1. Ensure the effective protection and equitable governance of “at least 30 percent” of global land and sea area, among other targets.

Science supports a protection target of 30 to 70 percent of the land and sea on Earth, and so “at least 30 percent” describes the lower bracket of that. Importantly, these areas need to be well governed and effectively managed. They cannot be “paper parks”. Environmentally damaging industrial activities and infrastructure development should be prohibited, and there should be a clear reference to the United Nations Declaration on the Rights of Indigenous Peoples (UNDRIP) and Free, Prior and Informed consent for Indigenous Peoples and Local Communities (IPLCs).

2. Put Indigenous Peoples and local communities at the centre of decision-making management and funding to protect wildlife.

Eighty percent of remaining biodiversity is in the lands, waters and territories of Indigenous Peoples and local communities (IPLCs). The protection of nature therefore begins with the recognition and protection of their rights, livelihoods and cultures.

3. Agree a well-resourced, solid plan for how to achieve the goals and targets.

A solid implementation plan is just as important as well-defined targets. All countries should develop national targets corresponding to each of the post-2020 global targets, and a “ratchet mechanism” to stimulate further improvement. A country-by-country review should be established to track countries’ progress, ensure that finance is allocated where it should, and provide appropriate support to countries that fail to contribute adequately to the global goals and targets.

4. Provide sufficient finance to achieve implementation.

Finance should mainly come from public sources and redirected from harmful subsidies paid out today. Public investments in biodiversity conservation and restoration make little sense if they are outpaced by investments in nature destruction. The EU should become a global leader in financing measures against the loss of biodiversity.

5. Set up a fair and equitable mechanism for sharing the benefits of digital sequence information.
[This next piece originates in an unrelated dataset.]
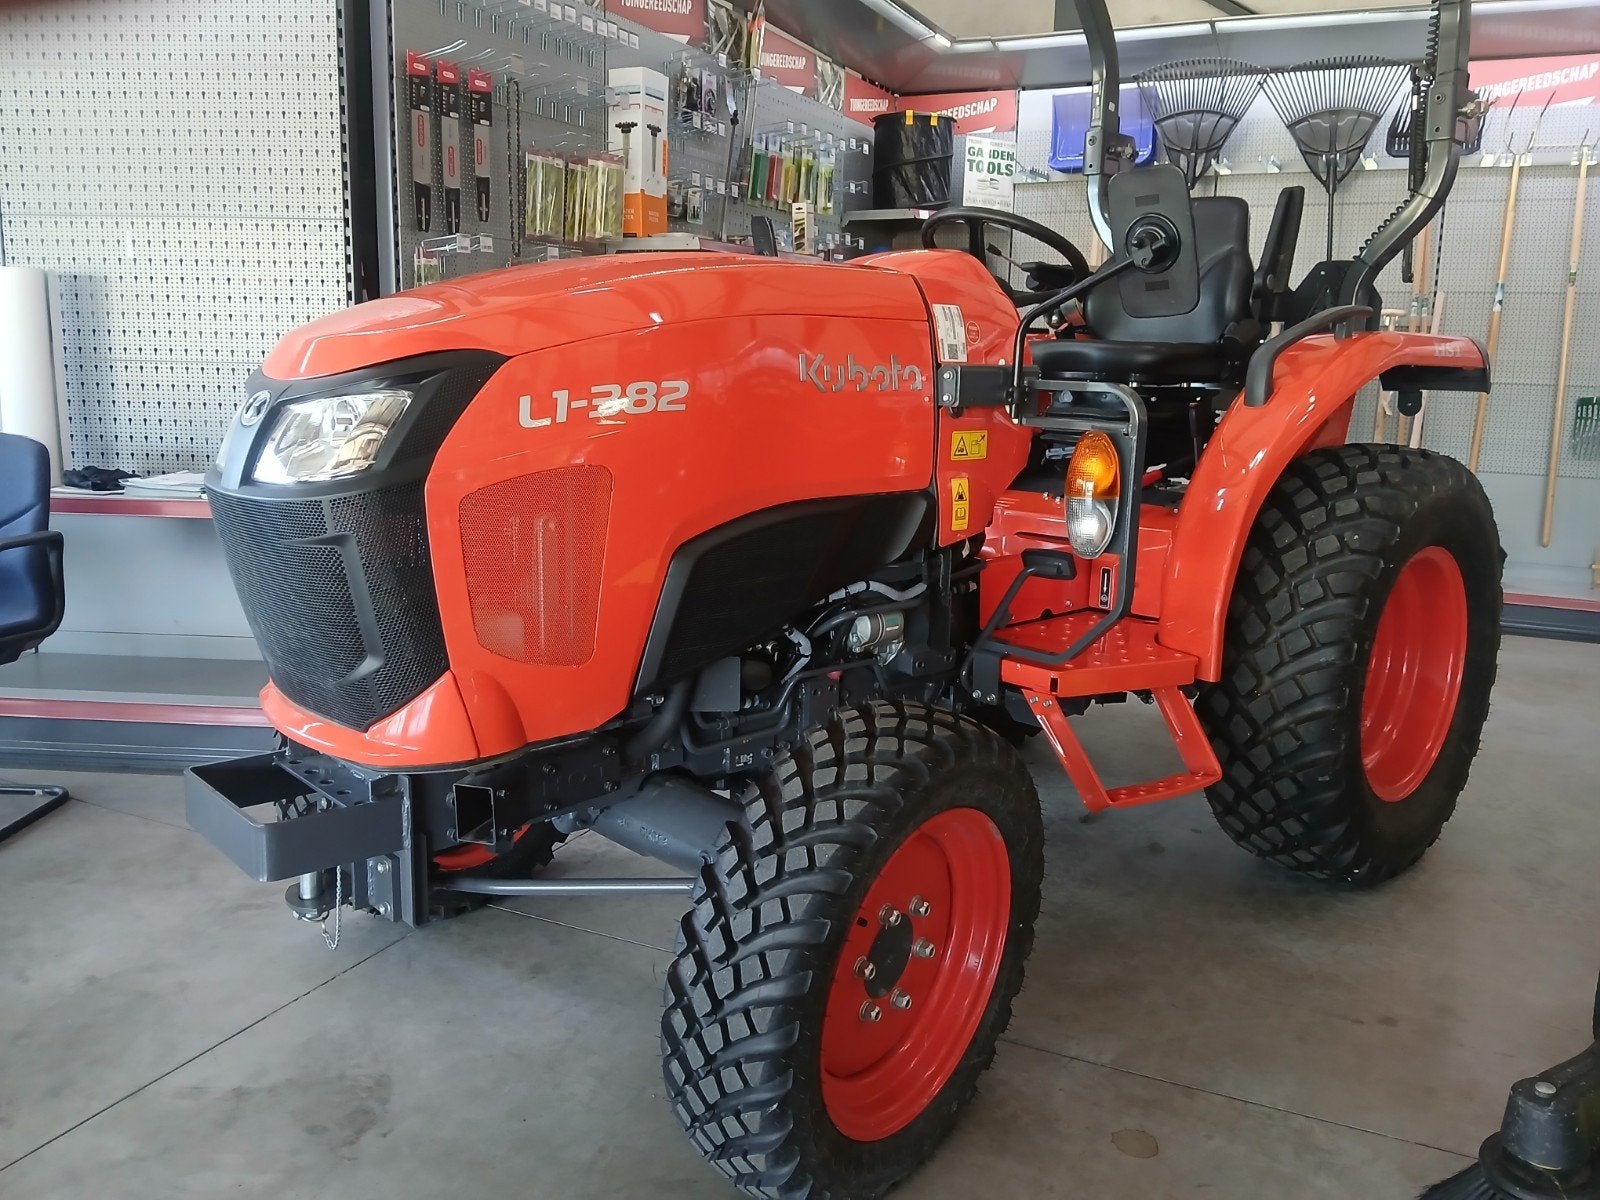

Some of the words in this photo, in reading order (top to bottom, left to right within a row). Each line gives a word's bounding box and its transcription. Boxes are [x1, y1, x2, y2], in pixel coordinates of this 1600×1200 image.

This mechanism should include a multilateral system by which benefits paid for the commercial use of DSI are pooled and distributed by an international entity and used to support the conservation and sustainable use of biodiversity by Indigenous Peoples and local communities (IPLCs).

6. Agree a global moratorium on deep sea mining.

Deep sea mining should not be allowed until its effects on the marine environment, biodiversity and human activities at sea have been sufficiently researched, and this activity can be carried out without marine biodiversity loss or degradation of marine ecosystems.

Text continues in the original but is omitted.